[Records from a dataset]
════════════════════
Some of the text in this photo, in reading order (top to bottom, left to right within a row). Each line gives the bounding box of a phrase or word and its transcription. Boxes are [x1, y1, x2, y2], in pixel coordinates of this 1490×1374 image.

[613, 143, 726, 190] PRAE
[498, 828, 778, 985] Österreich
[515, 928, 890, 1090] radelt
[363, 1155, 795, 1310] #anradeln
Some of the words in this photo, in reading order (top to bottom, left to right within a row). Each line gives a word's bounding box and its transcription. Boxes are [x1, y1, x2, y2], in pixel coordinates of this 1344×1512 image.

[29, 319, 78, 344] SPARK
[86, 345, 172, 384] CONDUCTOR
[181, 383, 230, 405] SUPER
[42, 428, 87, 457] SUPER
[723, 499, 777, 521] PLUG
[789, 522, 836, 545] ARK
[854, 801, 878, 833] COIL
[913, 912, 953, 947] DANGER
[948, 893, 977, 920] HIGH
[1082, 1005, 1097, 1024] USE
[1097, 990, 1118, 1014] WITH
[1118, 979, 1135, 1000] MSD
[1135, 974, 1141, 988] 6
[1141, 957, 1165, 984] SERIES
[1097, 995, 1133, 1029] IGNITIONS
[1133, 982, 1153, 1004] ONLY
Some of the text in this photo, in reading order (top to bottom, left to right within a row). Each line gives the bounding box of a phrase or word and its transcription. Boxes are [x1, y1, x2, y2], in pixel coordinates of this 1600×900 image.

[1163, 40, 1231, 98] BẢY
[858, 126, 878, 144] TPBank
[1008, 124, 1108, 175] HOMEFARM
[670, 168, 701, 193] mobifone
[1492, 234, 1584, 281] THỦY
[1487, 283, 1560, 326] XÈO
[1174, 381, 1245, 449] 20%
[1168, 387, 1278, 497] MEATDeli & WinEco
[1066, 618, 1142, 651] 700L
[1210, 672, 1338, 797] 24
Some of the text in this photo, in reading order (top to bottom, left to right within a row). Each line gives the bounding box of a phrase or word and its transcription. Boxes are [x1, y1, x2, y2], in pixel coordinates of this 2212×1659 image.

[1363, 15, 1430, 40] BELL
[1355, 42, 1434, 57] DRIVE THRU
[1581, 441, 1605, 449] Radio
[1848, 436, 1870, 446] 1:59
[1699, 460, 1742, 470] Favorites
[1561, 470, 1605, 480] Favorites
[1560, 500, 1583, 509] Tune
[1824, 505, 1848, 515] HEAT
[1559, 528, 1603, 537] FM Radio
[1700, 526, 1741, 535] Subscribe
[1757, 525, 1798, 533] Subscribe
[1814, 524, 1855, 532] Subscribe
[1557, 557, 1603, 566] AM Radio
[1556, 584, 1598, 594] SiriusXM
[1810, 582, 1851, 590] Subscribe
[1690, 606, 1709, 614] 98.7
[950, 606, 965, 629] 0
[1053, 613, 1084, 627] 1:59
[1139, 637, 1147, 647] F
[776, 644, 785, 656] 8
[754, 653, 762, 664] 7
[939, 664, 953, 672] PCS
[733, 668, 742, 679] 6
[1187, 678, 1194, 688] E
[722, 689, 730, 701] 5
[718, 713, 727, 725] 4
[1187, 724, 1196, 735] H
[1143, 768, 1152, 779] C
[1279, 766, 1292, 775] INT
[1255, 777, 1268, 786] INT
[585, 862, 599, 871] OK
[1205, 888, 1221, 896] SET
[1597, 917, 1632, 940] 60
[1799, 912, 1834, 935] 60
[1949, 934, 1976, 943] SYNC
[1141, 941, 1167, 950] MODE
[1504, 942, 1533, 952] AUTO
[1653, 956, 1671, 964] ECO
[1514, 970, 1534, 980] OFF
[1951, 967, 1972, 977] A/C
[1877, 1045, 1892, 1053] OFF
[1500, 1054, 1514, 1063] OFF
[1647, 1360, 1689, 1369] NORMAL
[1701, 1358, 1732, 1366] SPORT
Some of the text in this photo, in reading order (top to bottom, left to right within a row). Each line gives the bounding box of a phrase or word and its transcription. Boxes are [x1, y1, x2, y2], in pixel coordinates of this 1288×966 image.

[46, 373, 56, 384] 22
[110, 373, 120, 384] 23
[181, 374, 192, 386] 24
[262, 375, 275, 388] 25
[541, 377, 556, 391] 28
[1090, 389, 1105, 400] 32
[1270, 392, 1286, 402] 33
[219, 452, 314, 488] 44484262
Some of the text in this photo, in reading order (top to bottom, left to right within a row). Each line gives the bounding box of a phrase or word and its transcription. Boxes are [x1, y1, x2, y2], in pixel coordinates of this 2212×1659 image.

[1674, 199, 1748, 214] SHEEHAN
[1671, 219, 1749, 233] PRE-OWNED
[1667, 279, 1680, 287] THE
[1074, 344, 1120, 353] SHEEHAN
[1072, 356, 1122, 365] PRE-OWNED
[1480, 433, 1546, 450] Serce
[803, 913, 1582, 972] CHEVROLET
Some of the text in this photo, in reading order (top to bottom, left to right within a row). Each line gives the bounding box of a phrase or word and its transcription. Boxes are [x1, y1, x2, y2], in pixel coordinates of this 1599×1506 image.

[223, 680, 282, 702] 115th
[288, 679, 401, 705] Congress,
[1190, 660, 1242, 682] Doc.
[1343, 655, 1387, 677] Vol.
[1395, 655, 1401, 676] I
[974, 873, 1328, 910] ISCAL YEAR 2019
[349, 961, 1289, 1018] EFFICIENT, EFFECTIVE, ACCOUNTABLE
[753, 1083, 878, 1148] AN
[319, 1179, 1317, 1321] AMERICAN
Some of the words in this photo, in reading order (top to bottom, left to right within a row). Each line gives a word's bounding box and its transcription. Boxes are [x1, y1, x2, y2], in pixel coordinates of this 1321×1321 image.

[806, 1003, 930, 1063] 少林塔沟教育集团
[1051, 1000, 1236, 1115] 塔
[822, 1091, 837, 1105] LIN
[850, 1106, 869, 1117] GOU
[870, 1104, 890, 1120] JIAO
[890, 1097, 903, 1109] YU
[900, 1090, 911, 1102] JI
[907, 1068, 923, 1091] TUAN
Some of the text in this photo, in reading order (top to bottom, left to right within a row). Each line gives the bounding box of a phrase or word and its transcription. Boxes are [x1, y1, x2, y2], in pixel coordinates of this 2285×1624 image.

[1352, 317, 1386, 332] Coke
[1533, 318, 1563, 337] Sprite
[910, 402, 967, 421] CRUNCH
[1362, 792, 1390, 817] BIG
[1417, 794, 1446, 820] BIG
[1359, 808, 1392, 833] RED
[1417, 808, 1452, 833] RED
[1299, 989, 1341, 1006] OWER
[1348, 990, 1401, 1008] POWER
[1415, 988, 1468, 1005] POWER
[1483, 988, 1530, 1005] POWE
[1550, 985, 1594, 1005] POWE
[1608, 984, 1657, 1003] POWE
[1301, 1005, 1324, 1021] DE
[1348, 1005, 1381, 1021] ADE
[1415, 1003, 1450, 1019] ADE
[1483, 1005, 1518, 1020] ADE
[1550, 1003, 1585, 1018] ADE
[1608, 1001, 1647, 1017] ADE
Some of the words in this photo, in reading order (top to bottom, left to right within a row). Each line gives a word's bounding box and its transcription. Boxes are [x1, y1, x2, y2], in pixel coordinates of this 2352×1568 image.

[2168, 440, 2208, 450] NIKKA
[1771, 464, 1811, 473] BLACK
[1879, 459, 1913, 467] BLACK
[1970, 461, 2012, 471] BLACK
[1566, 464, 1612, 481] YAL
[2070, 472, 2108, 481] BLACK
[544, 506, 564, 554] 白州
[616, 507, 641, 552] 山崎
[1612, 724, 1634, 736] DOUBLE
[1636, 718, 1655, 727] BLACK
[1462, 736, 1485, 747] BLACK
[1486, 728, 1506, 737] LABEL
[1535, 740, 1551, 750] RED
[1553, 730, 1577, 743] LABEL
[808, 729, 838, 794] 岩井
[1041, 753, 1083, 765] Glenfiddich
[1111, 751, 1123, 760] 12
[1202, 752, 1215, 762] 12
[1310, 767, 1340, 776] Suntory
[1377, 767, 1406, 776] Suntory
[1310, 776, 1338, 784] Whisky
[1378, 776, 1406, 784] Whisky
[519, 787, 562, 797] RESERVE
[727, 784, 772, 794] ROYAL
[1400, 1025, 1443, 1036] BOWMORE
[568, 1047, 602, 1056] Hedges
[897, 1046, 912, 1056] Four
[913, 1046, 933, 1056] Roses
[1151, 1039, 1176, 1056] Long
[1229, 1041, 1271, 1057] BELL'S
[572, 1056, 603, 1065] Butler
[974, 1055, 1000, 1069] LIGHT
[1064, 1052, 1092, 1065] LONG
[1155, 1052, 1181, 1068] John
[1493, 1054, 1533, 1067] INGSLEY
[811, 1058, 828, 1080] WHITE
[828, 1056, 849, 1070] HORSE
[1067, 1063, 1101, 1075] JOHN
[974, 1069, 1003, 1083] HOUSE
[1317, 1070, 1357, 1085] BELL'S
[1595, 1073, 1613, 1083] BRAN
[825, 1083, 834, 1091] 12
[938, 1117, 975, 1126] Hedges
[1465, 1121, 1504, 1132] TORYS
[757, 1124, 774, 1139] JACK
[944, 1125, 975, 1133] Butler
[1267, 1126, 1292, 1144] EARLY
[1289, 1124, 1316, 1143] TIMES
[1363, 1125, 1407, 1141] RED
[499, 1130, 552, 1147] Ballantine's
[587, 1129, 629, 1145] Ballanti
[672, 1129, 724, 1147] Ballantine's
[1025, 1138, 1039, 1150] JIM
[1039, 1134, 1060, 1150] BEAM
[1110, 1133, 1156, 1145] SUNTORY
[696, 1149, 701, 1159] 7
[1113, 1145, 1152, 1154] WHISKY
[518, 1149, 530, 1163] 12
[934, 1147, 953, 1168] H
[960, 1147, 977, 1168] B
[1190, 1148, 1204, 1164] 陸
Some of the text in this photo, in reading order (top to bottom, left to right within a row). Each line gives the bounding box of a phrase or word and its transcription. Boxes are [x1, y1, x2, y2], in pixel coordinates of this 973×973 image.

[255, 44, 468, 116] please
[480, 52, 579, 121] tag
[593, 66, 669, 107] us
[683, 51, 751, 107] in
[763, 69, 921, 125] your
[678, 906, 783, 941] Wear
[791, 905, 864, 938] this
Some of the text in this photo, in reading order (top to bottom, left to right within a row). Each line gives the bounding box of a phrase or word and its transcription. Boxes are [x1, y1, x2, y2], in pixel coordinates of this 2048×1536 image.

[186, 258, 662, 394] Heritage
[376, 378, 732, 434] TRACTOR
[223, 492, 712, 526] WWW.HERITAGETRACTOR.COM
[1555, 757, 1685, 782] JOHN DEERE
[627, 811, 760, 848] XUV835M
════════════════════
What you have to do
An exact copy of the lines from the one containing "this 973×973 image." through the end of the entries is required, and nothing beyond them.

Written solution
Some of the text in this photo, in reading order (top to bottom, left to right within a row). Each line gives the bounding box of a phrase or word and its transcription. Boxes are [x1, y1, x2, y2], in pixel coordinates of this 973×973 image.

[255, 44, 468, 116] please
[480, 52, 579, 121] tag
[593, 66, 669, 107] us
[683, 51, 751, 107] in
[763, 69, 921, 125] your
[678, 906, 783, 941] Wear
[791, 905, 864, 938] this
Some of the text in this photo, in reading order (top to bottom, left to right within a row). Each line gives the bounding box of a phrase or word and its transcription. Boxes are [x1, y1, x2, y2], in pixel coordinates of this 2048×1536 image.

[186, 258, 662, 394] Heritage
[376, 378, 732, 434] TRACTOR
[223, 492, 712, 526] WWW.HERITAGETRACTOR.COM
[1555, 757, 1685, 782] JOHN DEERE
[627, 811, 760, 848] XUV835M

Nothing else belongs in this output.